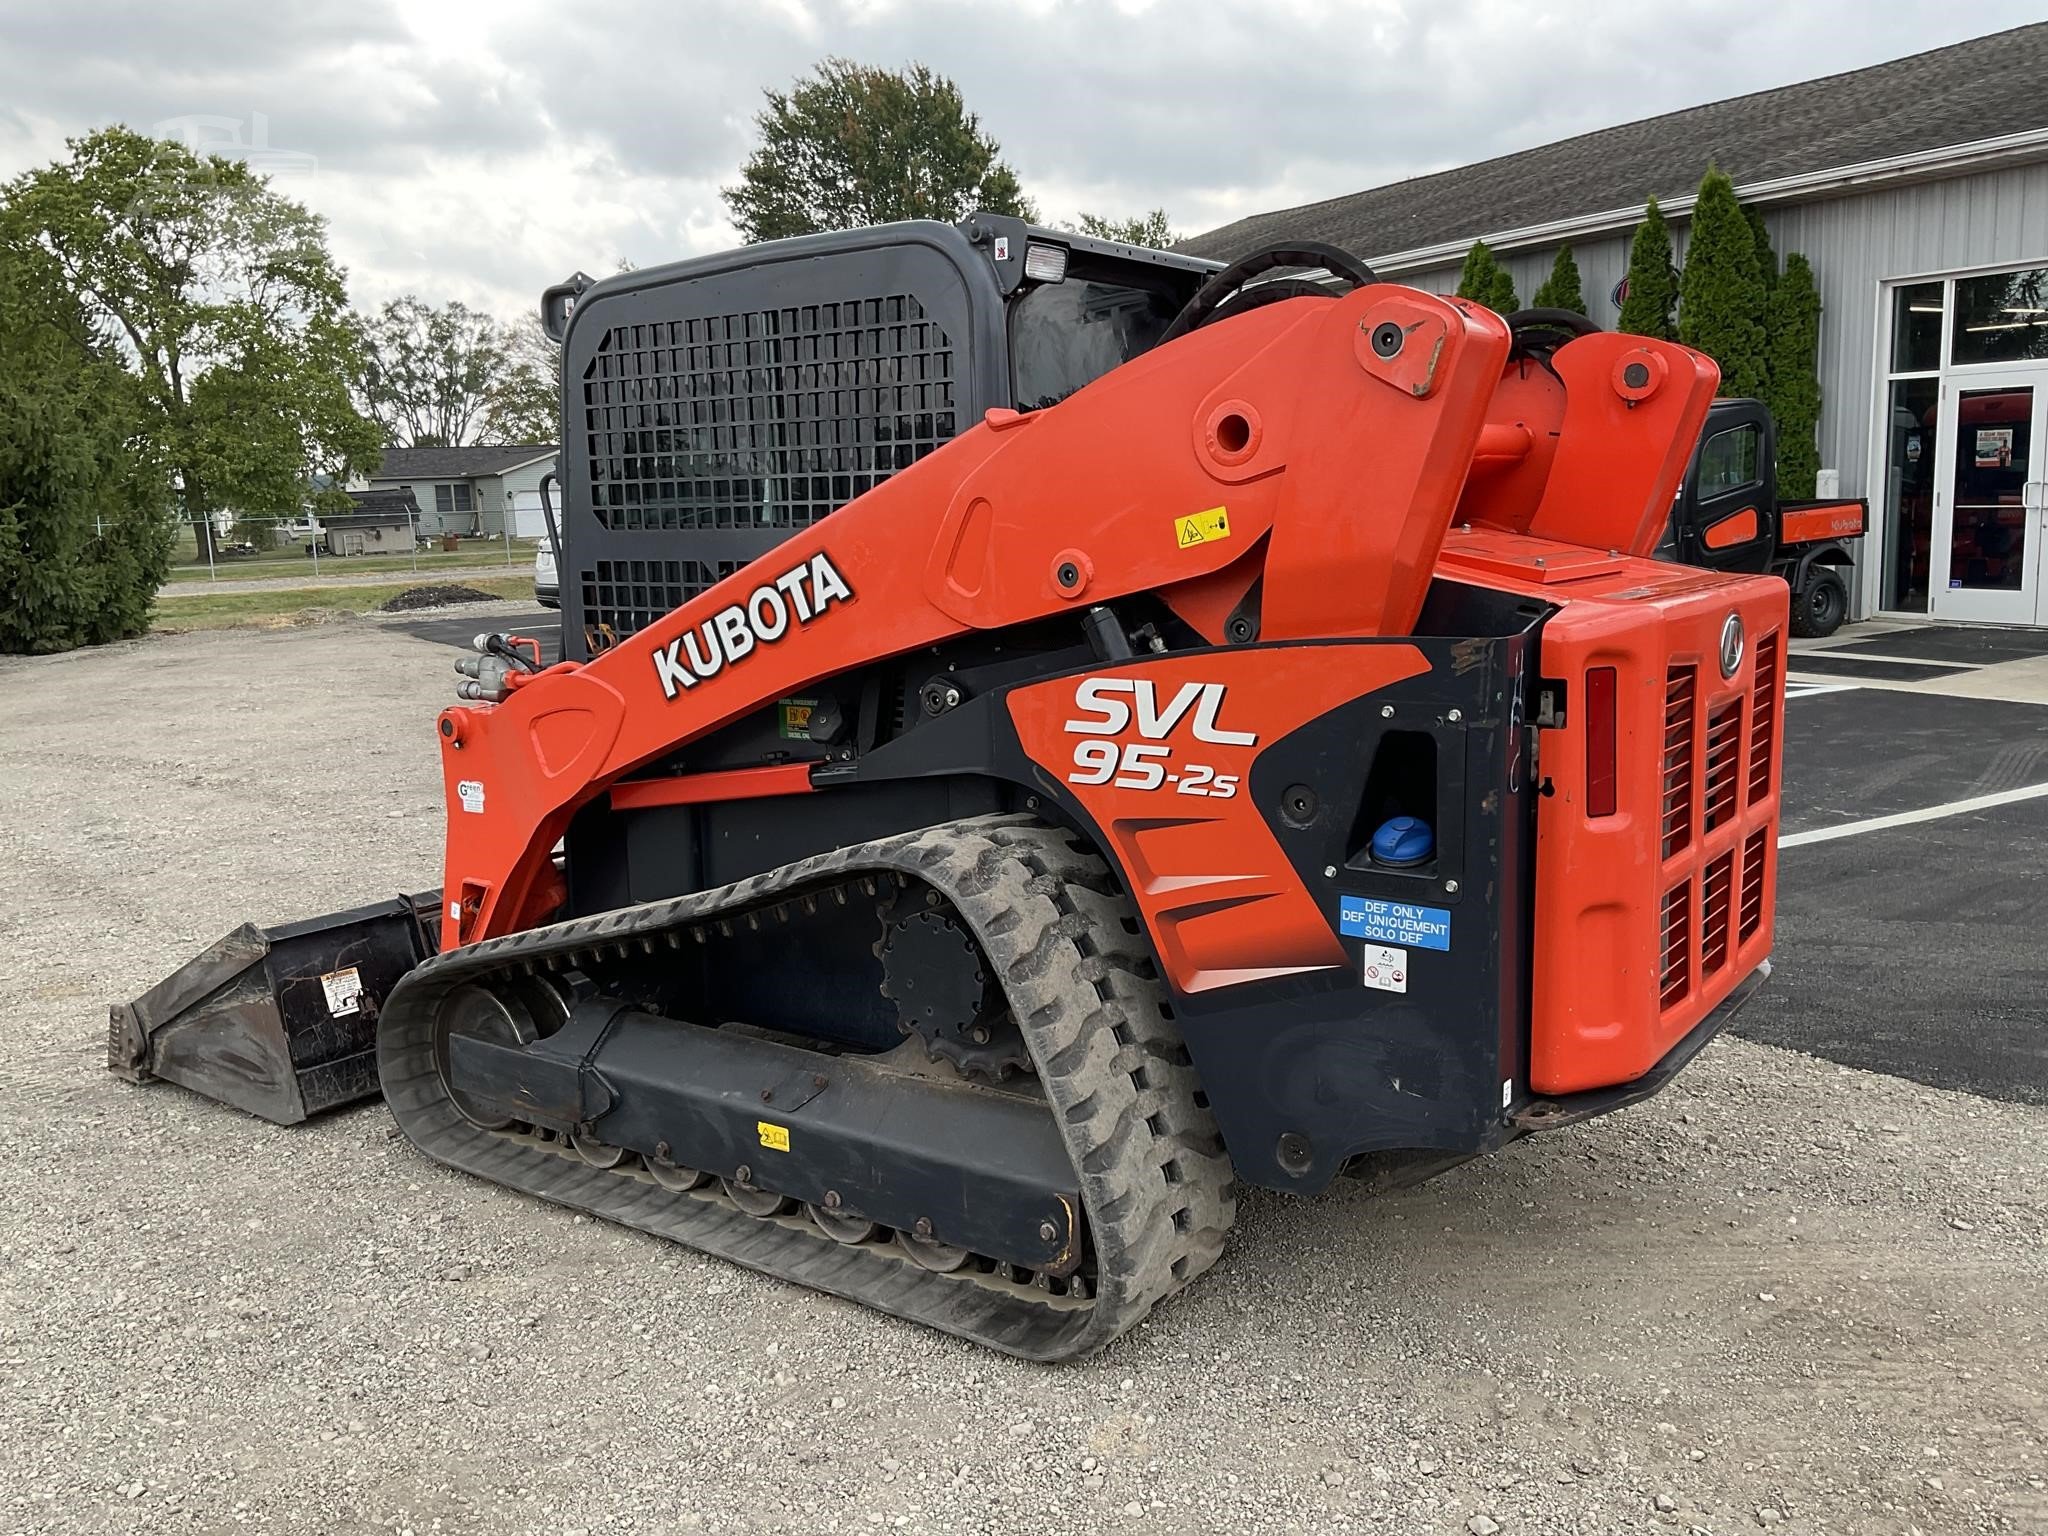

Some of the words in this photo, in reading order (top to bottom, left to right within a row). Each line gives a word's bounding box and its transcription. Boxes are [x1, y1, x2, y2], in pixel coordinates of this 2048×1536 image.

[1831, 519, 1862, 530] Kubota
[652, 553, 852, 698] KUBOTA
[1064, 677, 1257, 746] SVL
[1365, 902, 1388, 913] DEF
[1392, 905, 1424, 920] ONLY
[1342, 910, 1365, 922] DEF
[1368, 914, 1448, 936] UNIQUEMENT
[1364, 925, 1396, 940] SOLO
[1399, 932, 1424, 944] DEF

Exercise brief :: Return the full material word for word. Do not include the pictures.

Solution ::
Some of the words in this photo, in reading order (top to bottom, left to right within a row). Each line gives a word's bounding box and its transcription. Boxes are [x1, y1, x2, y2], in pixel coordinates of this 2048×1536 image.

[1831, 519, 1862, 530] Kubota
[652, 553, 852, 698] KUBOTA
[1064, 677, 1257, 746] SVL
[1365, 902, 1388, 913] DEF
[1392, 905, 1424, 920] ONLY
[1342, 910, 1365, 922] DEF
[1368, 914, 1448, 936] UNIQUEMENT
[1364, 925, 1396, 940] SOLO
[1399, 932, 1424, 944] DEF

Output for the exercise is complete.